Here's a good and basic review. Short, but communicates what you would want to know as a summary.
http://spartanideas.msu.edu/2014/05/08/nicholas-wade-interview-a-troublesome-inheritance/
As the writer points out, the first half of the book contains good information that will be surprising only if you haven't followed human genome research over the last 10 years. Yet among social scientists, you will still hear nonsense about "social construct" and such -- this remains the default view of the AAA, APA, economists, etc. Those arguments were rendered laughable years ago as the genome became sequenced and subjected to mathematical analysis, but people still routinely embarrass themselves by trotting these pious mantras out. That pseudoscience is really the main target that Wade is aiming his book at.
From a 2010 article in Science, here's how the actual clustering of human genetic variation breaks down in a mathematical model:
But human genetic variation and its clustering is just part of the story; some kinds of variation matter much more than others. In fact a single gene can kill the organism outright if it varies one way or another. Other gene variation does nothing whatsoever. So one wants to know how the variation is structured, but also WHY it is structured that way, and what the effects of the variant genes are.
Most important (and one of the bitterest controversies) was whether the genetic variation was actively selected for in different ways between groups, rather than just random drift. In other words, whether it was actively evolving in response to environment. Yet again, prevailing social scientific consensus (please note that this had no relation to actual scientific consensus) was that human evolution stopped in that sense from 100,000-60,000 years again. But again, that was a testable hypothesis. These arguments have relatively recently been slaughtered on the altar of mathematics and modern genome sequencing, which allowed us to analyze the degree to which given variation was the result of selective pressure. As it turns out, about 8% of the total variation between groups seems to have been recently "selected" for, or more straightforwardly, evolved differently.

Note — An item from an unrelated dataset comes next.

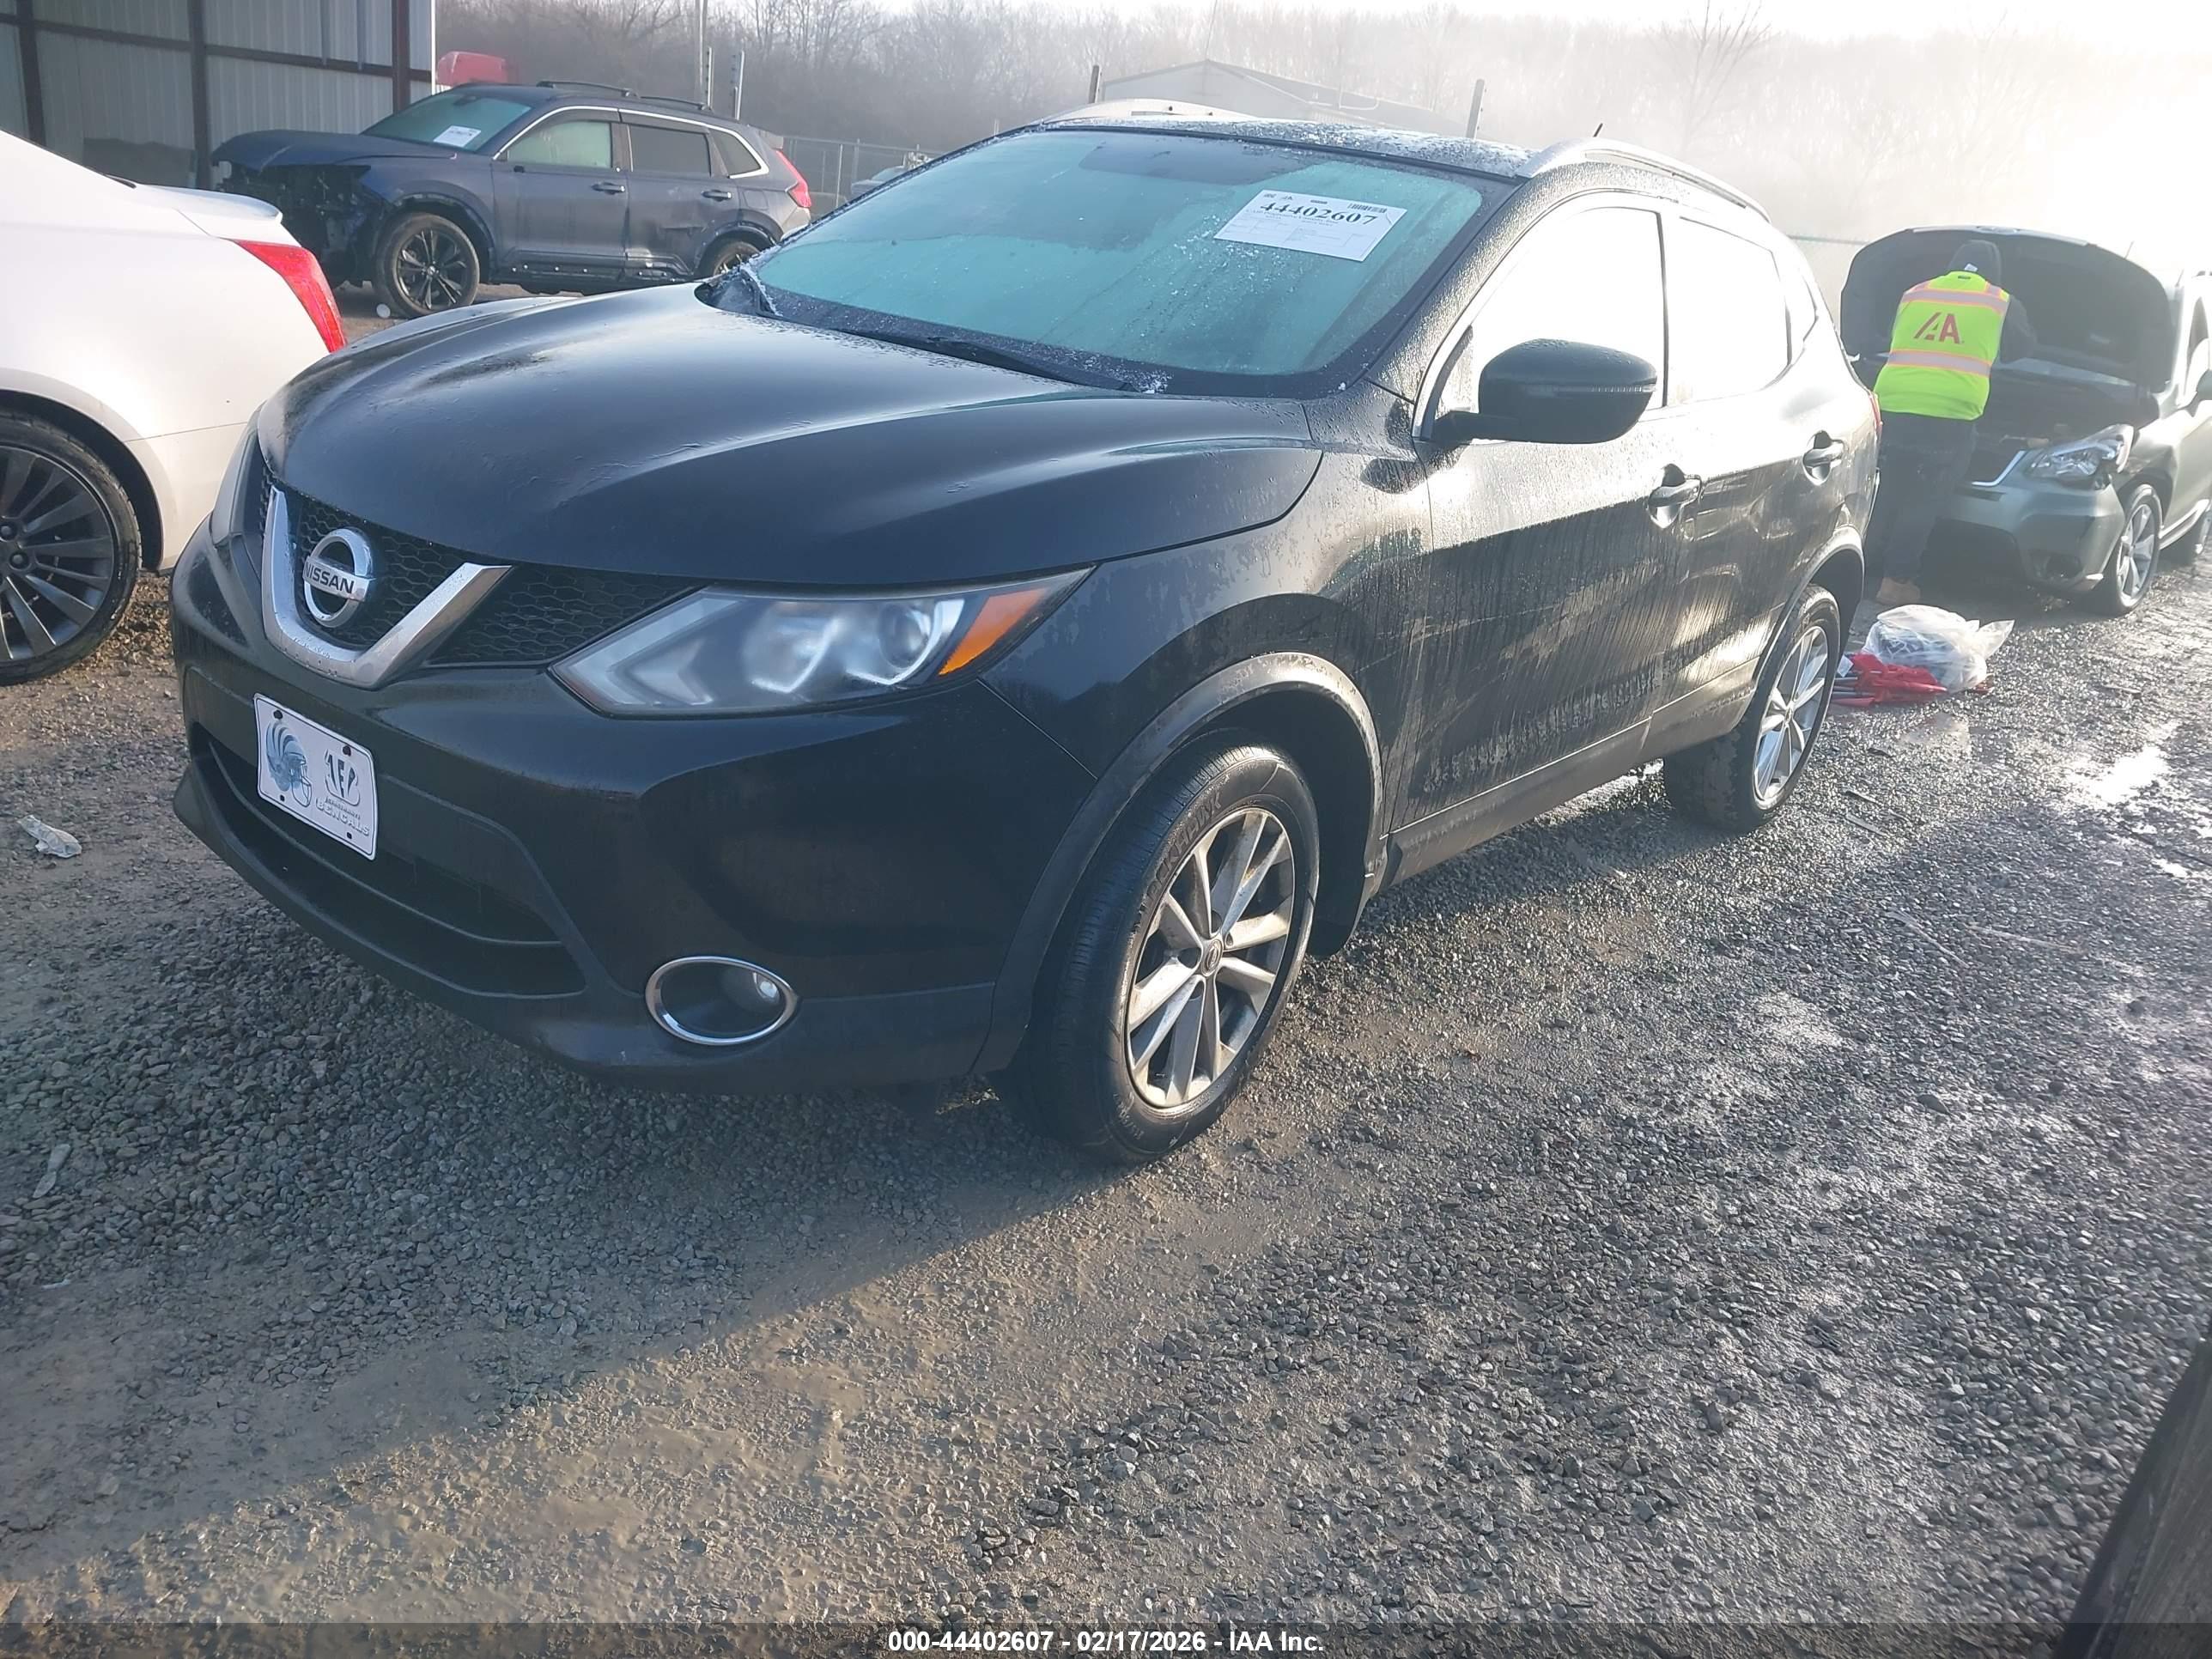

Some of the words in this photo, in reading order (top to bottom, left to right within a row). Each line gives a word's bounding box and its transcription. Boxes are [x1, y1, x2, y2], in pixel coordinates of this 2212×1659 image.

What we still DON'T know, however, is what that selective pressure actually was for the vast majority of the genes. In other words, while we can generally tell with math that specific genes were selected against others in a given population, we can't necessarily tell why, or what that gene's effects are, or how it was selected (why it became more common). For example, much of that selection may reflect things like the need for different disease/parasite resistance in different environments. It would actually be very surprising if jamming people together into urban cities crammed with livestock did not have a radical selective effect for reasons of disease resistance alone. Disease resistant genetics may not strike people as very important, but in terms of reproductive survival when you drastically change the environment, it's ungodly important. Disease resistant genes can become dominant with incredible speed in societies stricken by plagues.
It's also important not to get too hung up on gene numbers, since even a handful of genes can have significant effects on many different phenotypical traits.
But that's the first half of the book. Again, if you have been following research in this area over the last decade, none of it will be new, nor is it really controversial. If you have been blindly suckling at the teat of social science, on the other hand, it might surprise you.
In any event, the second half of Wade's book consists of speculation -- by his own admission -- on that subject of what genes were selected and how they relate to regional human history and culture. This is the part where he loses the interest of most, including me. This is why even those who enjoy watching Wade mock the reigning social scientific pieties have slagged on his speculations and described his book as very uneven.